TASK INSTRUCTIONS
The expected output is the full data, repeated exactly, without pictures.

SUPPLIED MATERIAL

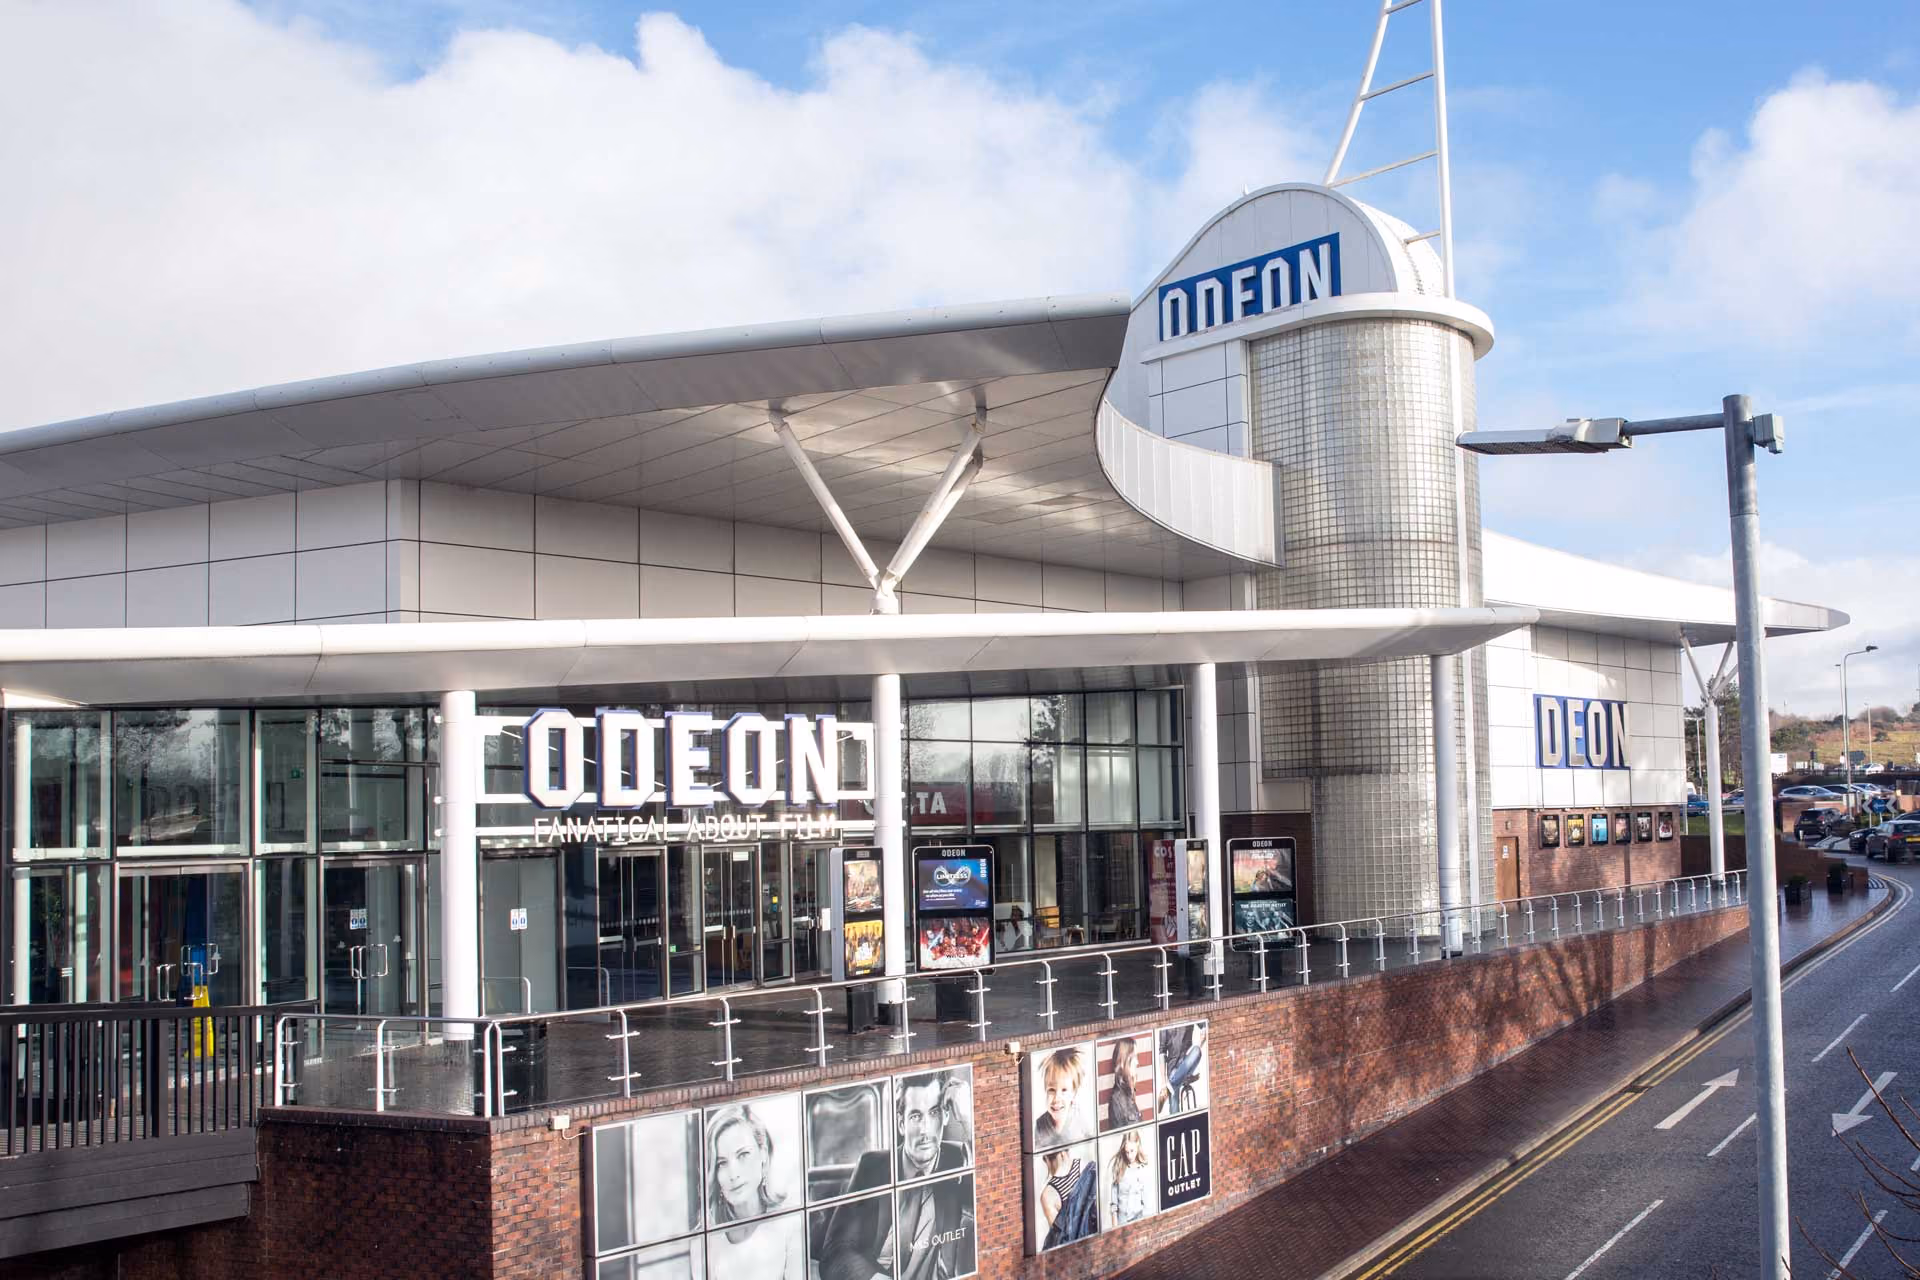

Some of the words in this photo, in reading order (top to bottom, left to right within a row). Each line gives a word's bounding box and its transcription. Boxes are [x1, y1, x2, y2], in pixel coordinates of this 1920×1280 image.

[1162, 242, 1332, 341] ODEON
[1537, 696, 1631, 768] DEON
[523, 708, 839, 810] ODEON
[533, 815, 671, 843] FANATICAL
[687, 814, 767, 840] ABOUT
[780, 812, 837, 838] FILM
[941, 849, 967, 857] ODEON
[1252, 840, 1273, 848] ODEON
[1166, 1129, 1201, 1182] GAP
[1168, 1178, 1201, 1196] OUTLET
[931, 1227, 967, 1247] OUTLET

REPLY TO THE TASK
Some of the words in this photo, in reading order (top to bottom, left to right within a row). Each line gives a word's bounding box and its transcription. Boxes are [x1, y1, x2, y2], in pixel coordinates of this 1920×1280 image.

[1162, 242, 1332, 341] ODEON
[1537, 696, 1631, 768] DEON
[523, 708, 839, 810] ODEON
[533, 815, 671, 843] FANATICAL
[687, 814, 767, 840] ABOUT
[780, 812, 837, 838] FILM
[941, 849, 967, 857] ODEON
[1252, 840, 1273, 848] ODEON
[1166, 1129, 1201, 1182] GAP
[1168, 1178, 1201, 1196] OUTLET
[931, 1227, 967, 1247] OUTLET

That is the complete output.